For Pastors

This question is now part of your ministry — whether you asked for it or not.

Gay, bisexual, and transgender people are in your congregation — or they were, before they left. The theological questions are real, the pastoral stakes are high, and the standard talking points aren't adequate to either. The Reformation Project offers a serious, Scripture-grounded place to do the work.

What this page is — and isn't

This is not a pressure campaign. It's a resource.

The Reformation Project is an affirming organization. We believe orthodox Christian faith and the full affirmation of monogamous, covenantal same-sex relationships are compatible.

But we also know that many pastors are somewhere in the middle of this question — working through the exegesis carefully, weighing the pastoral implications, trying to lead their congregations with both faithfulness and integrity. That is serious, legitimate work.

This page exists to support that work. You don't need to agree with us to be here, and we're not going to push you toward a conclusion that isn't yours.

Who participates

Pastors of non-affirming churches — many of whom have gay or transgender congregants, are watching families fracture, or are working through the exegetical questions with fresh eyes and high pastoral stakes.

What we ask of you

Only that you want to help your congregation become more inclusive of gay, bisexual, and transgender people.
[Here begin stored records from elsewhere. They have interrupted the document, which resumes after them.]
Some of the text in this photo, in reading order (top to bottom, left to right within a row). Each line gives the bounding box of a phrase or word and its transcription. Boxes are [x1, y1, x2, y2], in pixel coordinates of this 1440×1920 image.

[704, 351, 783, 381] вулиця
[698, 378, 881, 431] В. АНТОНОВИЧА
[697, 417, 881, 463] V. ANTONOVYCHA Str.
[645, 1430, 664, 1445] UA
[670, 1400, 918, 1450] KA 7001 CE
You don't need to be fully affirming — or even certain you'll get there.

How the program works

Participants engage the theological material alongside other pastors in similar positions. Like any professional pastoral gathering, what's shared in the room stays there — a standard professional courtesy, not a secret.
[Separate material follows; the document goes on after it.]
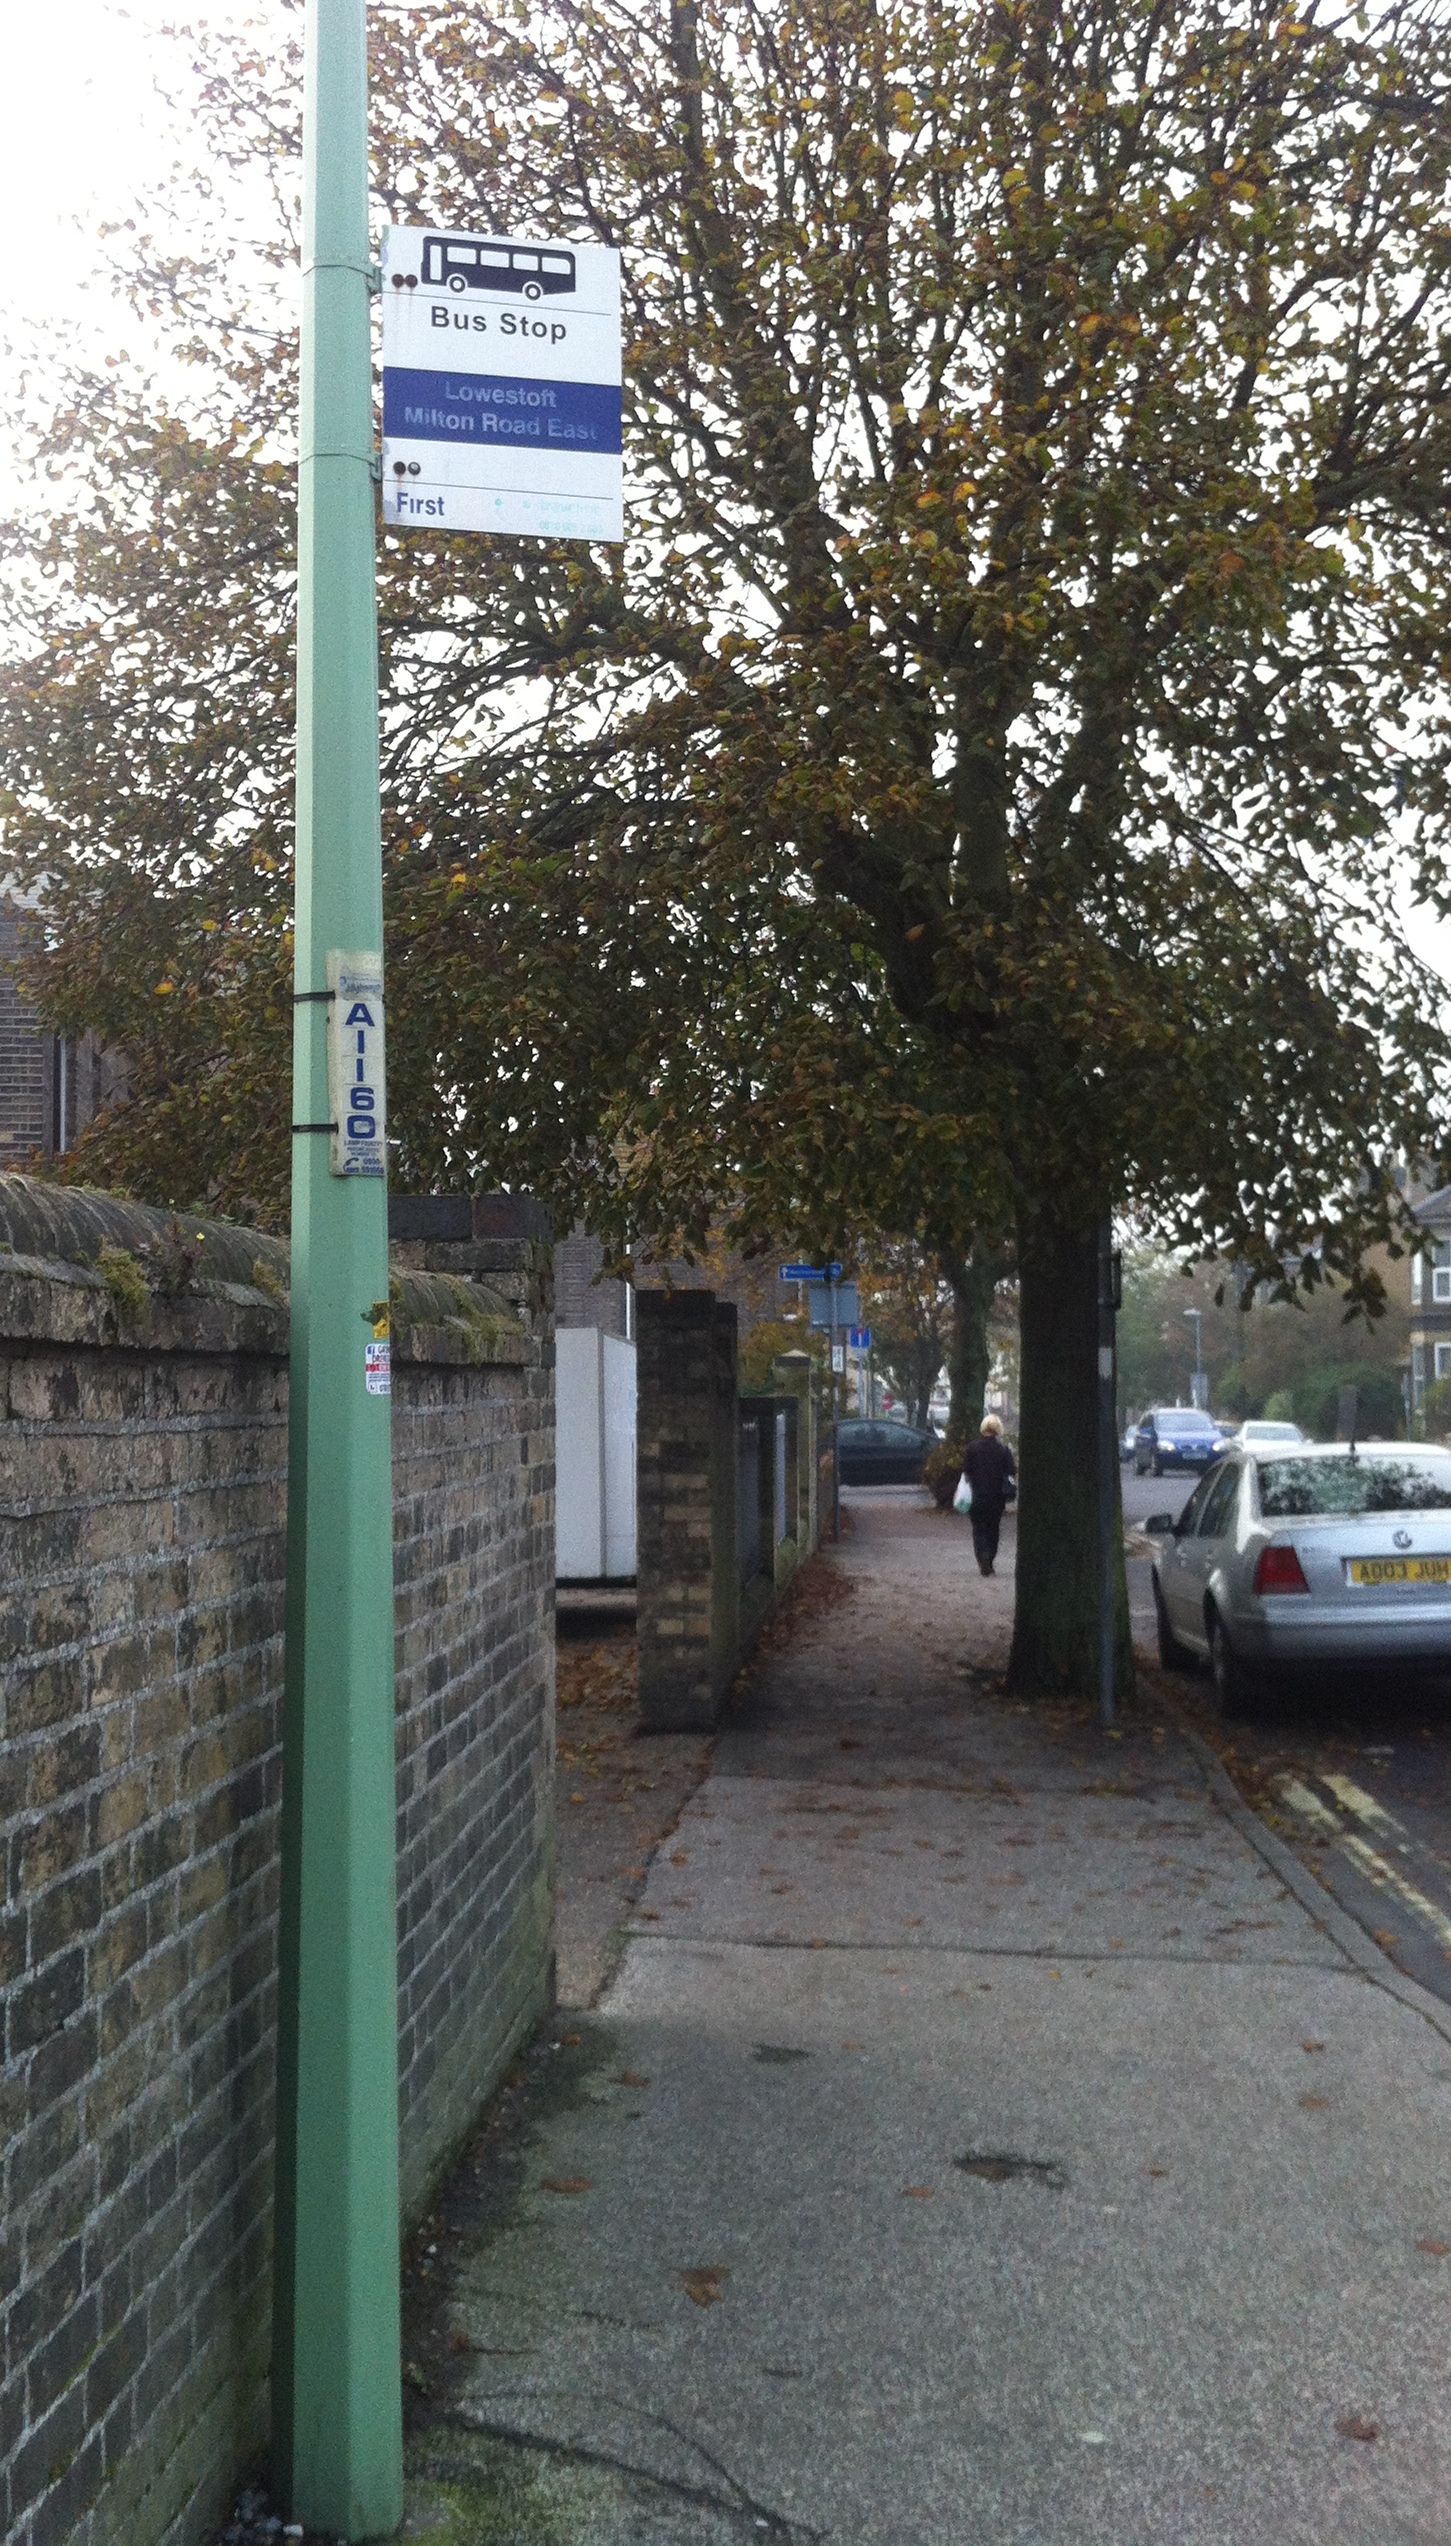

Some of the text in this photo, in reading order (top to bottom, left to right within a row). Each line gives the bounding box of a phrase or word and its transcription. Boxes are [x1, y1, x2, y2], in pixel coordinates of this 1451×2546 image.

Where pastors usually start

The question arrives in different ways.

Most pastors don't arrive at this question theoretically. Something specific brings them here. These are the most common starting points.

Situation one

A congregant — or their child — just came out.

You love this person. You've watched them grow up in your church, or they've trusted you with something deeply personal. And now the theological stakes of what you teach feel different than they did before. You're trying to figure out whether what you've always said is actually what Scripture requires.

Situation two

You're re-examining your own exegesis.

You've read something — a book, an article, a scholarly argument — that didn't land the way you expected. The dismissive response you've always had to affirming theology is starting to feel less satisfying. You want to engage the actual arguments, not the caricatures of them.

Situation three

Your church is already divided, and you're trying to lead through it.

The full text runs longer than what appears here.